A funk has settled over the Alberta oil industry as low prices, pipeline system constraints, storage shortfalls, and limited rail shipping have combined in a perfect storm that is costing producers millions of dollars every day.
While the worst of the bad weather may dissipate in coming months, more production coming on-line from the oil sands could mean that sunny days are many months, if not several years, away.
Western Canadian Select is the benchmark price for oil sands heavy crudes that trades at a discount to West Texas Intermediate (WTI). That differential was fairly narrow through most of 2017, around $9 to $11 U.S. dollars, according to Kevin Birn, director of the Oil Sands Dialogue for IHS MarkIt.
“We think that was a reflection of a contraction in availability of heavy crude globally. So while we were swimming in light sweet crude driven by U.S. production, we’ve seen OPEC’s cut predominantly come from heavy crude,” Birn said.
“We’ve seen increasing demand for heavy crude because Russia is no longer exporting as much heavy product into Europe as well. And we’ve seen Venezuela basically imploding [while] Mexico’s been declining for a number of years. Canadian crudes were enjoying a premium.”
The good times ended in mid-November after the 550,000 barrels per day (bbl/d) Keystone pipeline leaked 5,000 barrels (bbl) in South Dakota and backed up the already full to bursting system.
“Toward the end of the year we saw pressure beginning to build on the system. As storage becomes [scarcer], people who own storage are obviously going to charge more for it and we think that’s contributing to the wide differentials at this point,” Birn said.
That differential reached the mid-$20 range in December and by Jan. 29 the spread was $28.05, even as the WTI broached $65. While American oil producers enjoyed revenues not seen since early 2015, their Canadian counterparts received a much lower price.
The solution to the pipeline backup would normally be higher shipments by rail, but two factors conspired to frustrate producers.

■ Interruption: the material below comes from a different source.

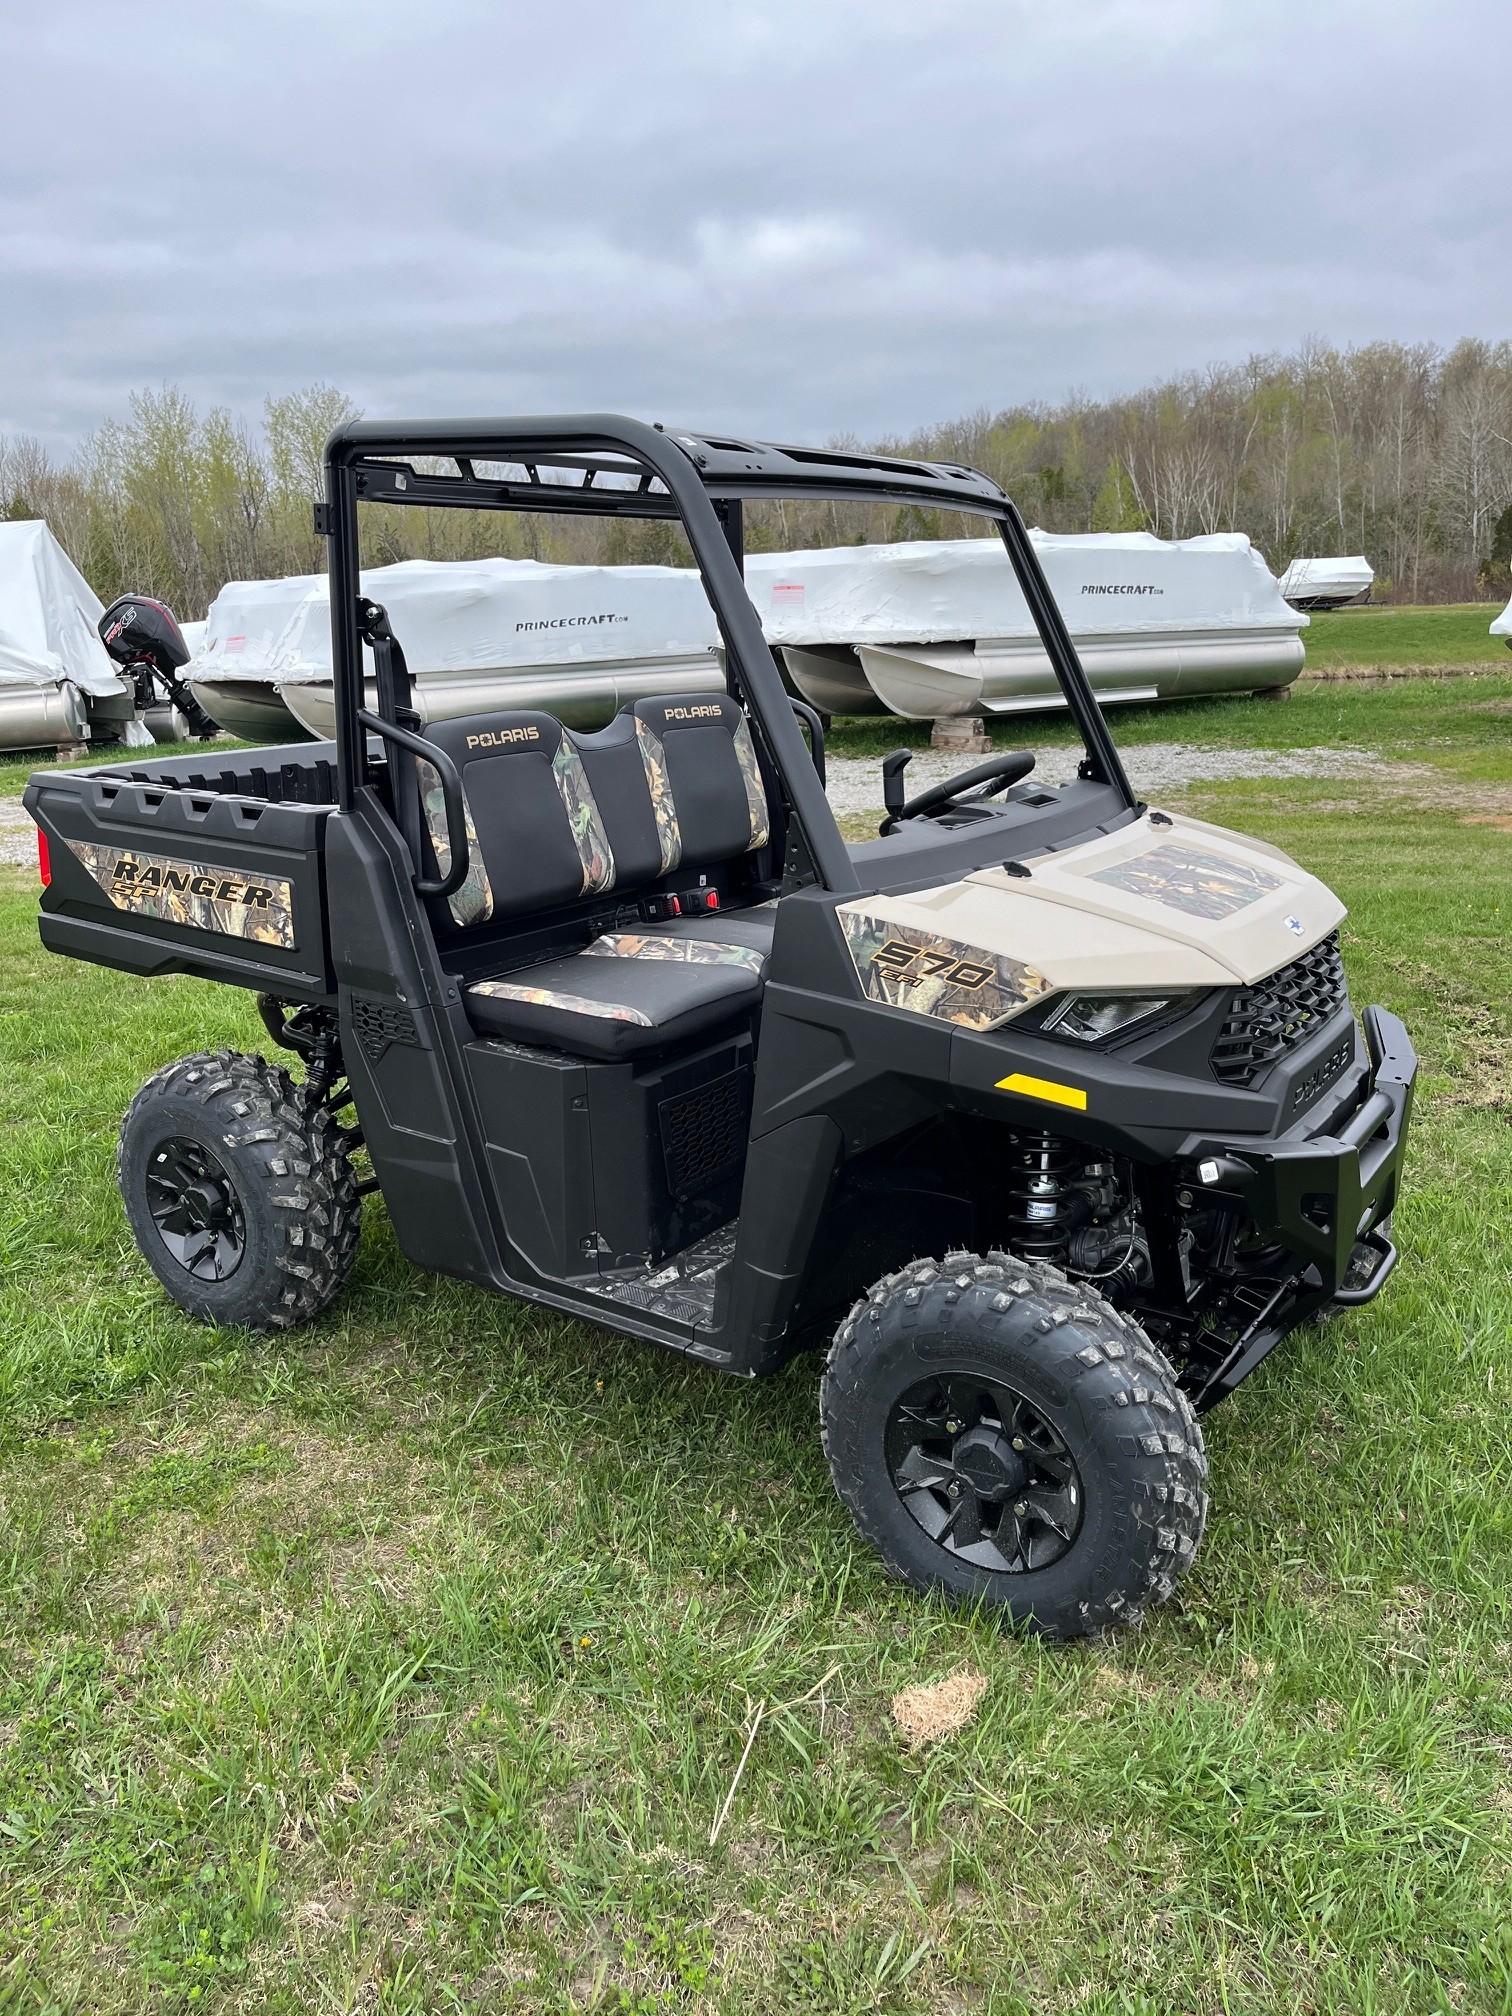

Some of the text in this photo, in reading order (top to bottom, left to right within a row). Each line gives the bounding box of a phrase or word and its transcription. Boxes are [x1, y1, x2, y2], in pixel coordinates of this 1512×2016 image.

One, Canadian railways were already busy with other commodities, especially grain. Two, producers and traders were reluctant to lock themselves into the more expensive rail option (rail costs $10/bbl to $12/bbl to the U.S. Gulf Coast, while pipeline tolls are around $8/bbl) while at the same time the railways were demanding contracts to be at least a year long, sometimes more.
“Railroads are a complicated and efficient industry. What the producers are looking for is a more efficient mode of rail transport which is known as a unit train, which is a dedicated train of 104 tank cars with three engines that moves from point A to point B as quickly as possible,” Birn said.

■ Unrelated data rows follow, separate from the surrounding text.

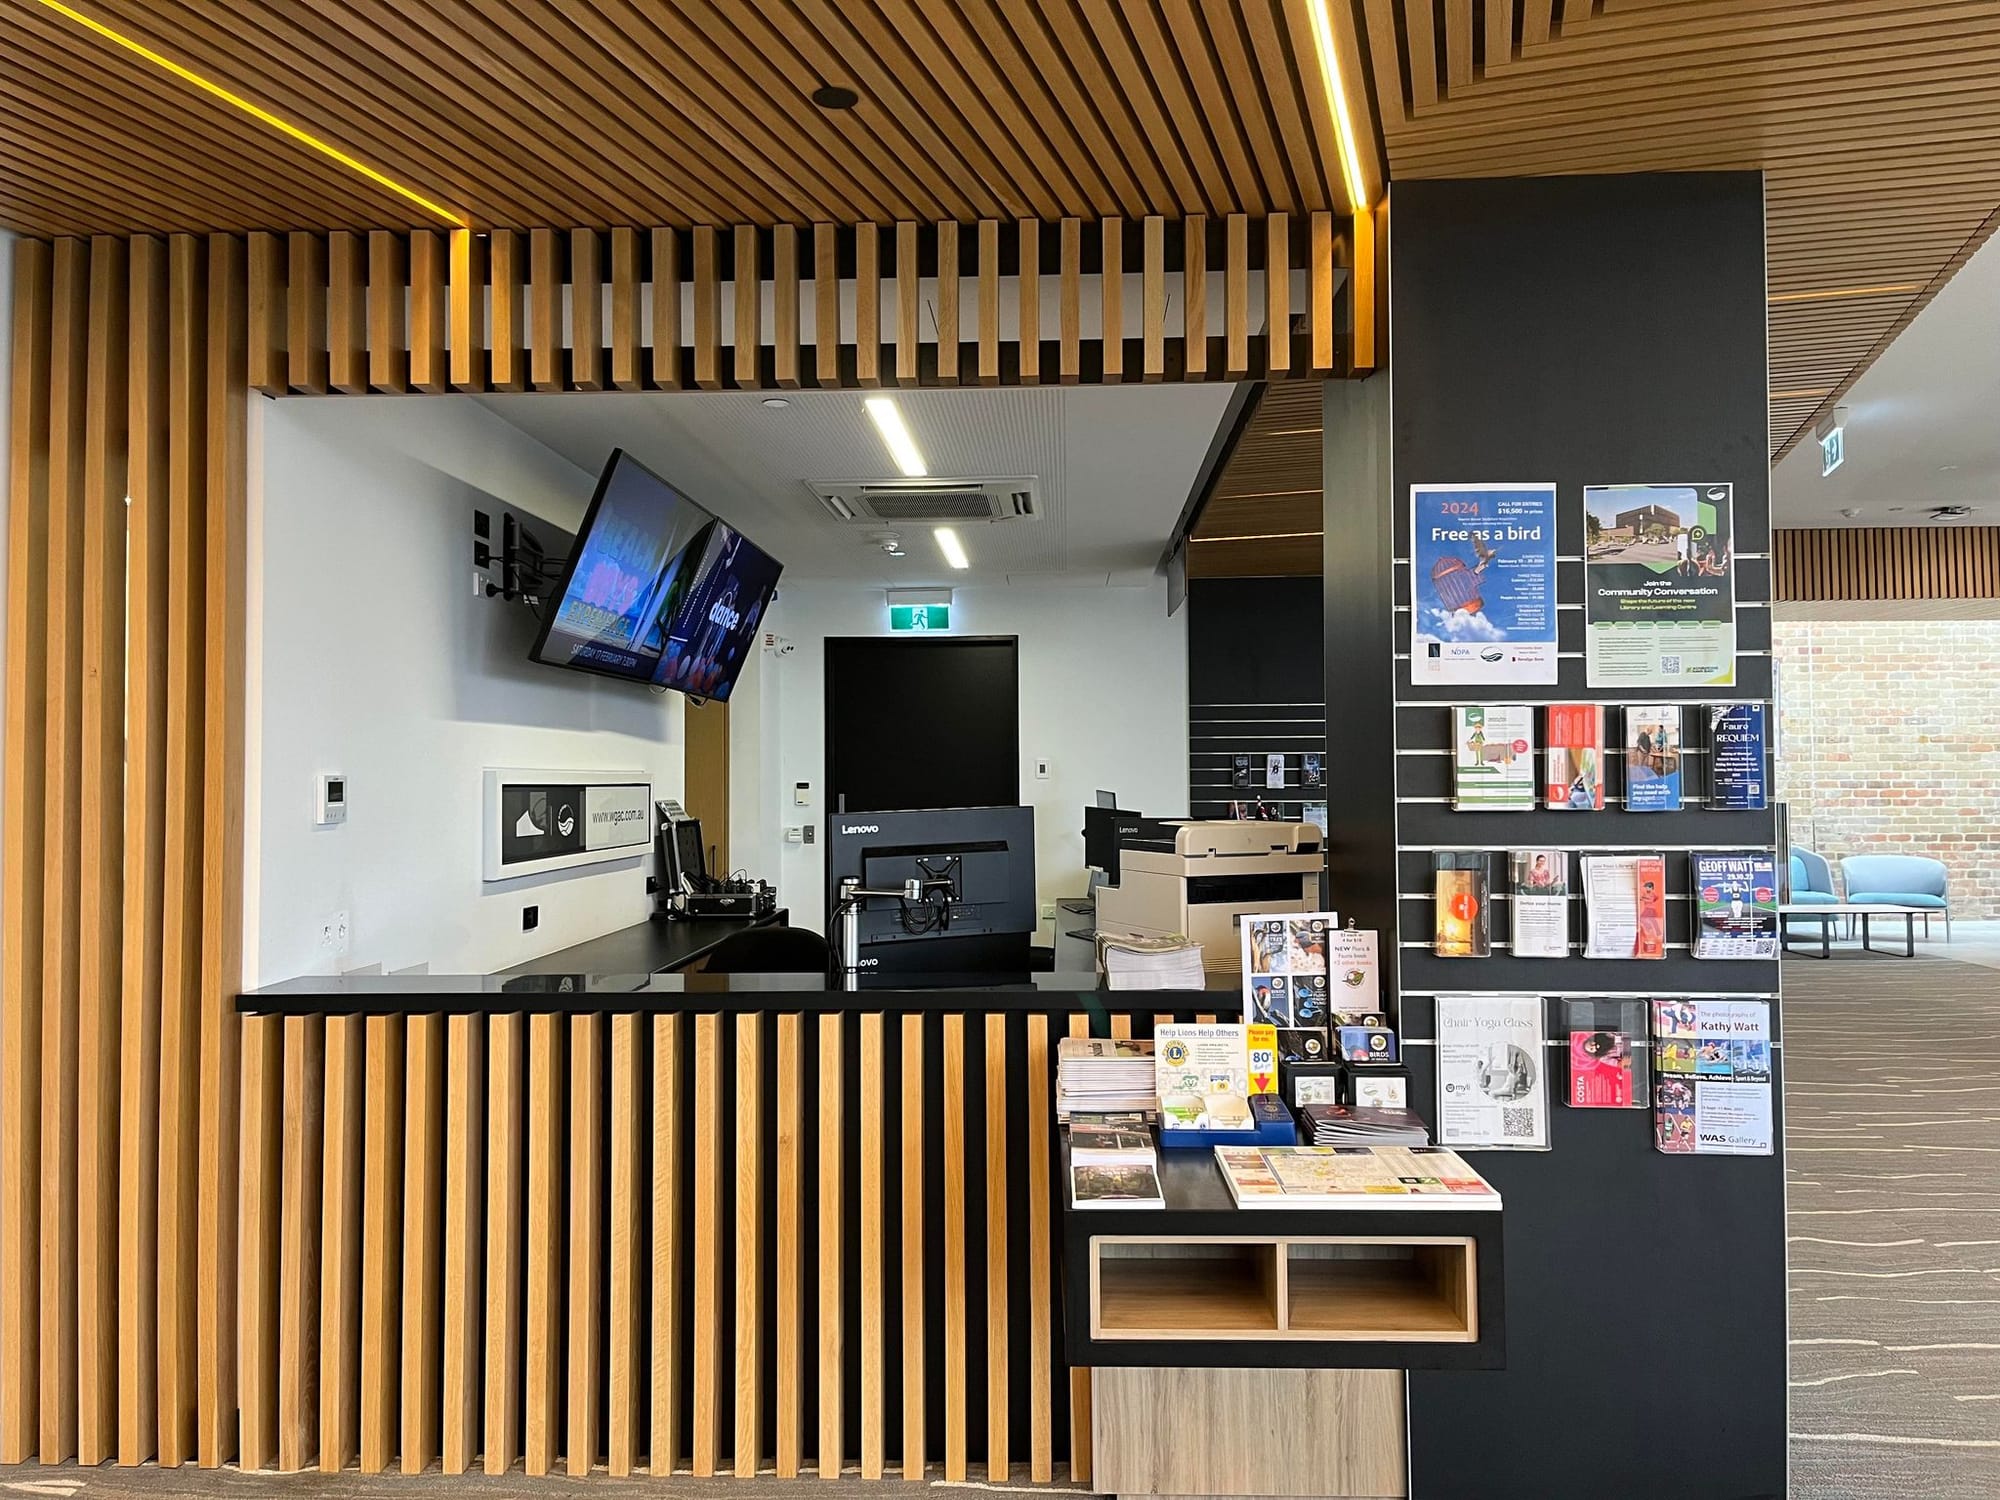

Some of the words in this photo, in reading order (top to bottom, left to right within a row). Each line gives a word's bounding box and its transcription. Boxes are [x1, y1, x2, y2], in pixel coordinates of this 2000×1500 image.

[1441, 502, 1479, 516] 2024
[1432, 528, 1465, 540] Free
[1472, 530, 1490, 540] as
[1494, 530, 1504, 540] a
[1508, 526, 1540, 540] bird
[1598, 588, 1652, 598] Community
[1654, 588, 1718, 596] Conversation
[565, 599, 631, 638] EXPERIENCE
[708, 598, 740, 631] dance
[1716, 734, 1760, 742] REQUIEM
[592, 810, 644, 826] www.wgac.com.au
[842, 824, 879, 834] Lenovo
[1699, 860, 1728, 872] GEOFF
[1728, 860, 1754, 872] WATT
[858, 958, 878, 967] ovo
[1443, 1018, 1472, 1028] Chair
[1474, 1017, 1501, 1030] Yoga
[1504, 1017, 1534, 1028] Class
[1701, 1022, 1732, 1032] Kathy
[1734, 1022, 1760, 1032] Watt
[1160, 1028, 1176, 1038] Help
[1178, 1028, 1197, 1036] Lions
[1198, 1029, 1214, 1038] Help
[1700, 1134, 1726, 1142] WAS
[1728, 1136, 1757, 1145] Gallery

While unit trains cost less for producers, railways are looking to cover the higher upfront costs since most Canadian freights move through the east and west coasts, meaning higher north and south traffic may require additional infrastructure. Longer contracts provide more security for the railways.
“Canadian producers are now at the mercy of rail given that current pipes are near capacity and production continues to grow as legacy oil sands projects ramp up,” Michael Tran, director of energy strategy at RBC Capital Markets, told Reuters. “This pricing underscores how fragile the Canadian energy industry is due to lack of pipeline takeaway capacity.”

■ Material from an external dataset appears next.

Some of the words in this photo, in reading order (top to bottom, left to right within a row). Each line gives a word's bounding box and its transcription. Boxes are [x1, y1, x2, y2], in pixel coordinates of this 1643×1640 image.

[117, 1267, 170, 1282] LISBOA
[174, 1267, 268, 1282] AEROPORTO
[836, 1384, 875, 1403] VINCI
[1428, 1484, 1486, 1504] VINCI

Not all producers suffered equally. Some of the larger companies—like oil-sands giant Cenovus Energy’s (NYSE: CVE) 77,000 bbl/d Bruderheim rail terminal located near Edmonton—have their own oil-by-rail loading facilities.
“Having our own crude-by-rail loading facility also decreases the risk of having to compete for potentially expensive capacity during periods of pipeline constraint,” Reg Curren, Cenovus spokesman, said.
The 1.1 million bbl/d Energy East pipeline was cancelled by TransCanada Corp. (NYSE: TRP) last fall. Kinder Morgan’s (NYSE: KMI) 525,000 bbl/d Trans Mountain Expansion from Edmonton to the West Coast is facing fierce opposition from the British Columbia government and the city of Burnaby, which forced the company to push out the start of construction by 12 months.
Enbridge’s 395,000 bbl/d Line 3 replacement project won’t be completed until 2019. And TransCanada has yet to make a final investment decision on the 830,000 bbl/d Keystone XL project from Alberta to Nebraska that will open more access to Gulf Coast refineries.
That leaves the Canadian industry stuck with rail. Birn believes the dependence on the high cost option will linger for another two or three years.
“Line 3 is an expansion of the mainline; we don’t think that’s going to be big enough to pull all the surplus crude into pipeline. We could be seeing rail moving right through to 2021, which then relies on either Trans Mountain or Keystone being built,” he said.
“It’s a layer of uncertainty that a lot of jurisdictions don’t face. And it can complicate investment decisions in Canada because of it.”